Saved entries
····················

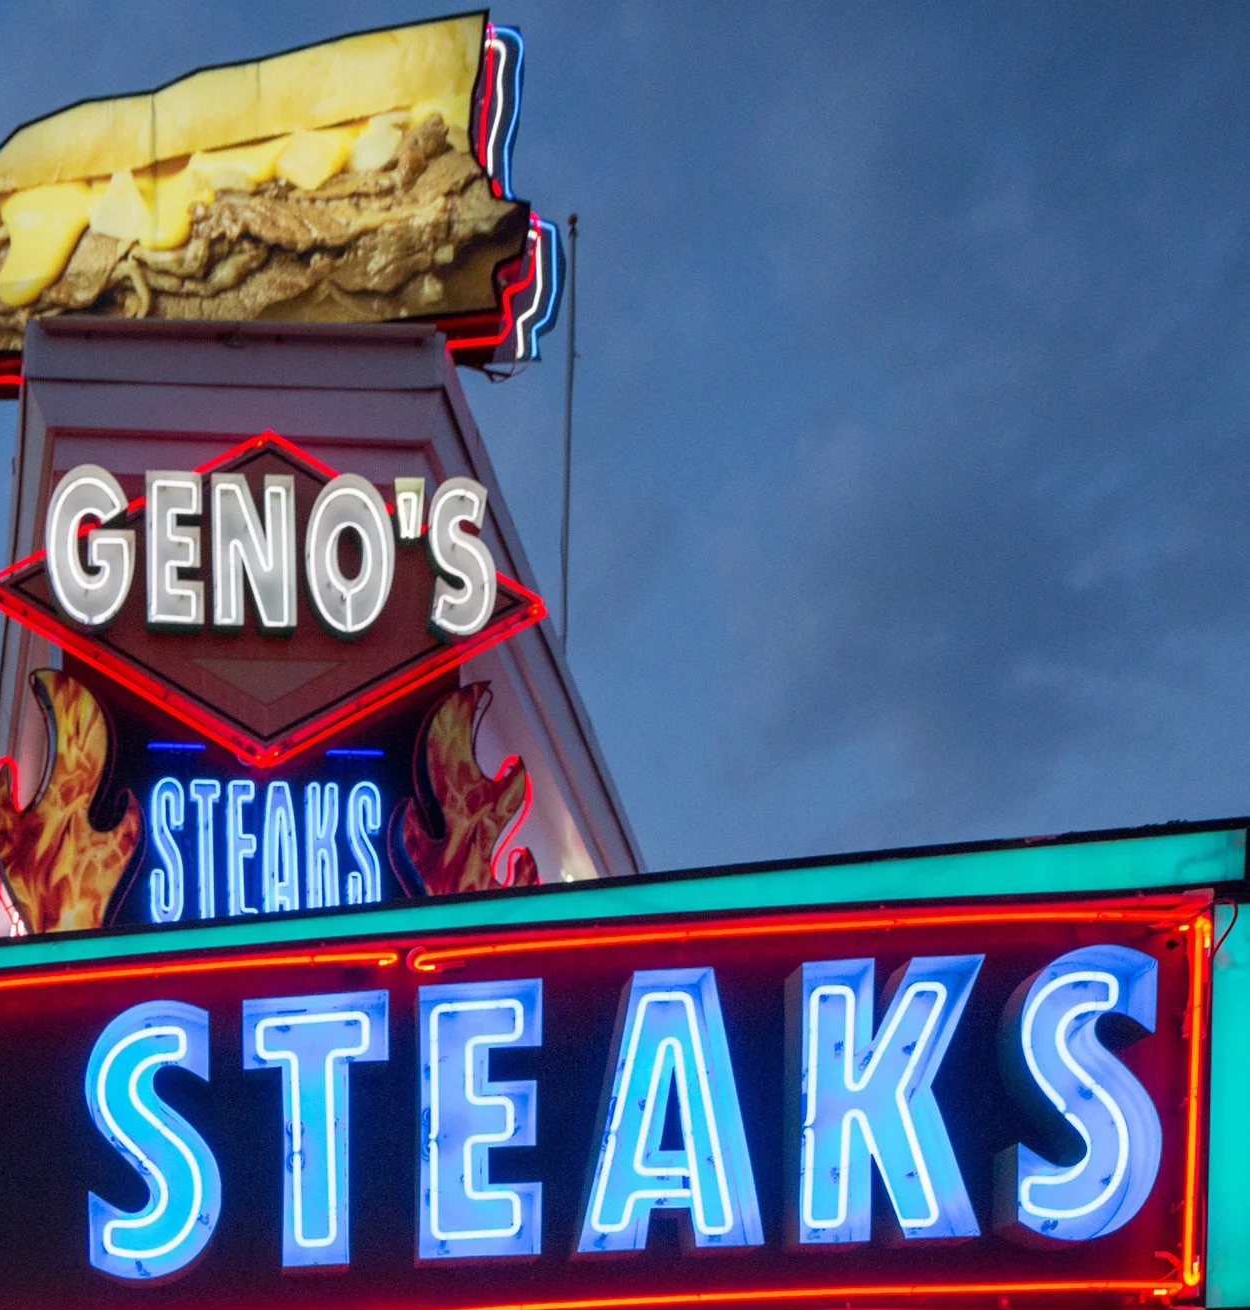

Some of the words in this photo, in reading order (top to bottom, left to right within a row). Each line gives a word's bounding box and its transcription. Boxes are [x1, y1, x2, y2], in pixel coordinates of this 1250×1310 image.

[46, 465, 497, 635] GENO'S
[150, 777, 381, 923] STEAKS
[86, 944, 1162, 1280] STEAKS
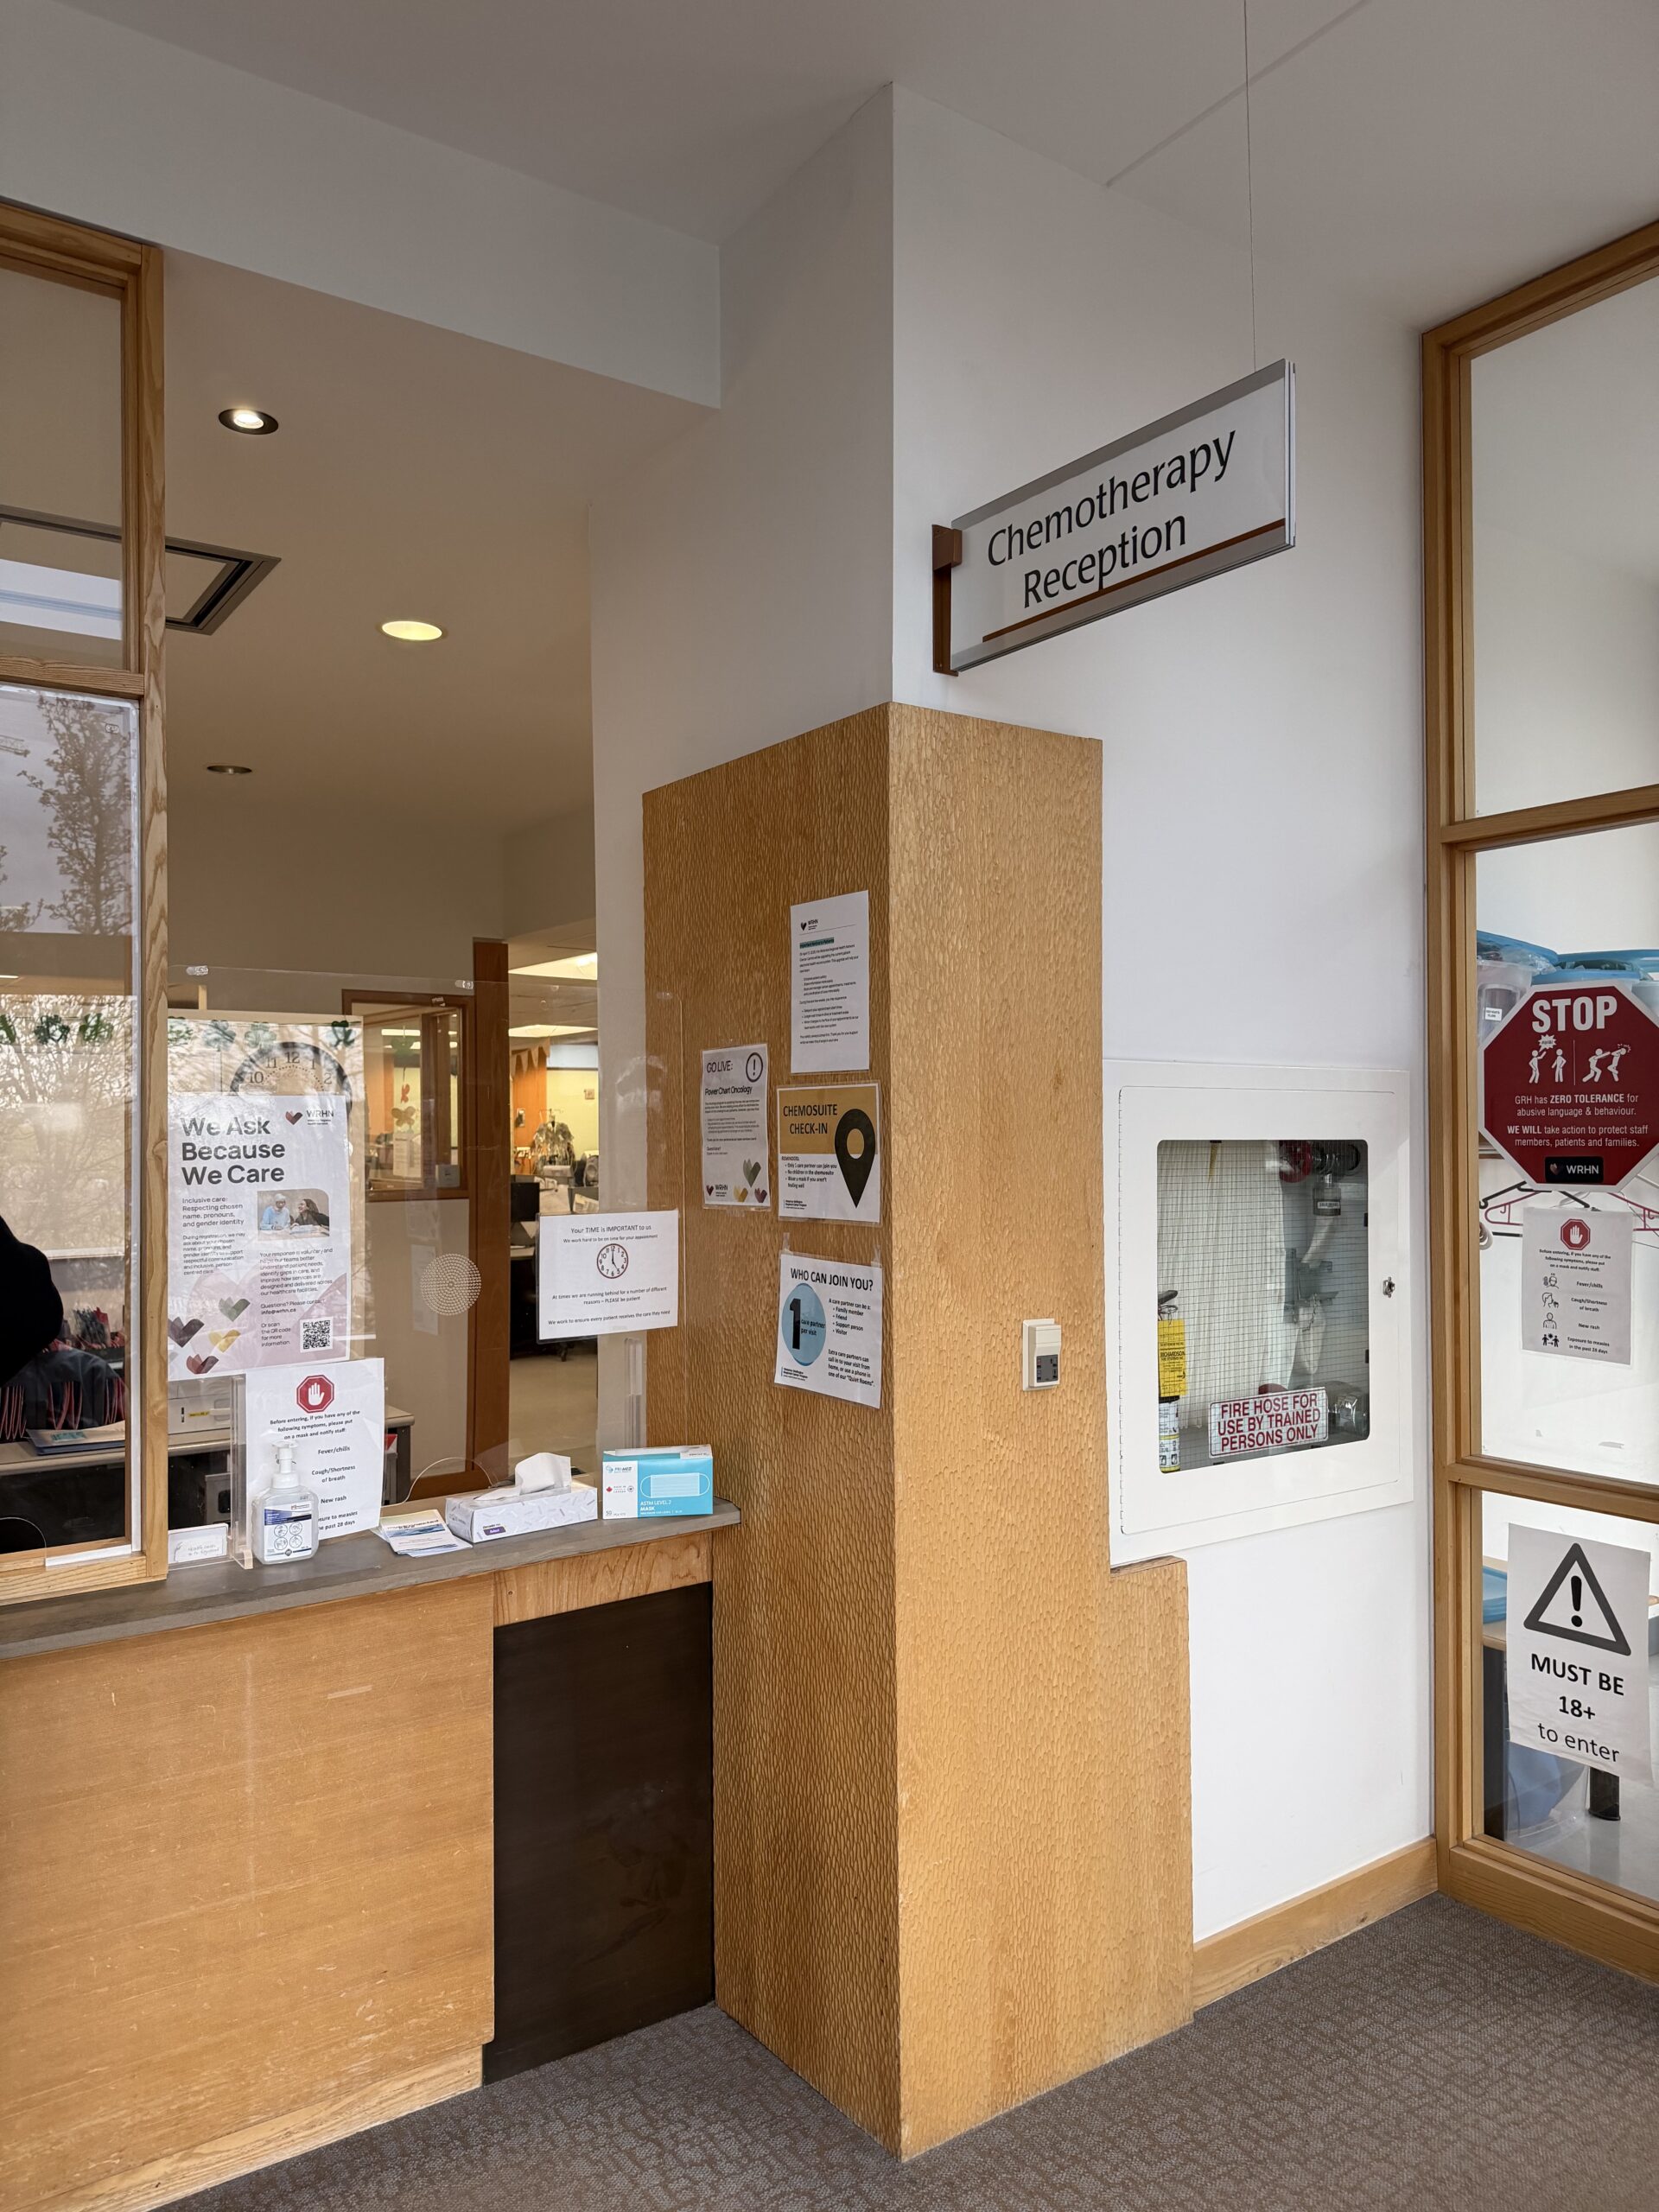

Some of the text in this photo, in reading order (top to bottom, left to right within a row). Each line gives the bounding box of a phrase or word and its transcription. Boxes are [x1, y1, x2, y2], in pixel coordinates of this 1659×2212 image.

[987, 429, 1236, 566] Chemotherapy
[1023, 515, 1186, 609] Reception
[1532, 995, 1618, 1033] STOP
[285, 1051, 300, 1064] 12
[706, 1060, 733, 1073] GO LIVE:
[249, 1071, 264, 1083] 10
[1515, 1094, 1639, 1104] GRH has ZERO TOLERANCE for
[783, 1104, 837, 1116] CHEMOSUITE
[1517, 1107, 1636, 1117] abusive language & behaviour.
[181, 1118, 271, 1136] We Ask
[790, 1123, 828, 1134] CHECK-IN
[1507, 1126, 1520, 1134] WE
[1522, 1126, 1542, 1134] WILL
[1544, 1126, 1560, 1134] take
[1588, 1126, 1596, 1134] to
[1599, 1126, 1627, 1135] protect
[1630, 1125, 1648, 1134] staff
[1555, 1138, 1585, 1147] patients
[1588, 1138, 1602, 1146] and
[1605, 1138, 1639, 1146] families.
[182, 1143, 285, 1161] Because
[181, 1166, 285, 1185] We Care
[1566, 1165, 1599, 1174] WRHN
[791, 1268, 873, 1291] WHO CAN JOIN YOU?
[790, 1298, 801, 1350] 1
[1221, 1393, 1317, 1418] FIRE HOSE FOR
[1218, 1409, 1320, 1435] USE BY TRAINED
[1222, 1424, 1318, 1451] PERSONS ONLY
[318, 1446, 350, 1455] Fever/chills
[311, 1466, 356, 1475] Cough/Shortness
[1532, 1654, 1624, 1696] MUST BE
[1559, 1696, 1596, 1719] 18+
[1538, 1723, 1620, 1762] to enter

····················

## Task objective
Every entry above should be restated word for word, with the images left out.

## Worked solution
Some of the words in this photo, in reading order (top to bottom, left to right within a row). Each line gives a word's bounding box and its transcription. Boxes are [x1, y1, x2, y2], in pixel coordinates of this 1250×1310 image.

[46, 465, 497, 635] GENO'S
[150, 777, 381, 923] STEAKS
[86, 944, 1162, 1280] STEAKS

Some of the text in this photo, in reading order (top to bottom, left to right within a row). Each line gives the bounding box of a phrase or word and its transcription. Boxes are [x1, y1, x2, y2], in pixel coordinates of this 1659×2212 image.

[987, 429, 1236, 566] Chemotherapy
[1023, 515, 1186, 609] Reception
[1532, 995, 1618, 1033] STOP
[285, 1051, 300, 1064] 12
[706, 1060, 733, 1073] GO LIVE:
[249, 1071, 264, 1083] 10
[1515, 1094, 1639, 1104] GRH has ZERO TOLERANCE for
[783, 1104, 837, 1116] CHEMOSUITE
[1517, 1107, 1636, 1117] abusive language & behaviour.
[181, 1118, 271, 1136] We Ask
[790, 1123, 828, 1134] CHECK-IN
[1507, 1126, 1520, 1134] WE
[1522, 1126, 1542, 1134] WILL
[1544, 1126, 1560, 1134] take
[1588, 1126, 1596, 1134] to
[1599, 1126, 1627, 1135] protect
[1630, 1125, 1648, 1134] staff
[1555, 1138, 1585, 1147] patients
[1588, 1138, 1602, 1146] and
[1605, 1138, 1639, 1146] families.
[182, 1143, 285, 1161] Because
[181, 1166, 285, 1185] We Care
[1566, 1165, 1599, 1174] WRHN
[791, 1268, 873, 1291] WHO CAN JOIN YOU?
[790, 1298, 801, 1350] 1
[1221, 1393, 1317, 1418] FIRE HOSE FOR
[1218, 1409, 1320, 1435] USE BY TRAINED
[1222, 1424, 1318, 1451] PERSONS ONLY
[318, 1446, 350, 1455] Fever/chills
[311, 1466, 356, 1475] Cough/Shortness
[1532, 1654, 1624, 1696] MUST BE
[1559, 1696, 1596, 1719] 18+
[1538, 1723, 1620, 1762] to enter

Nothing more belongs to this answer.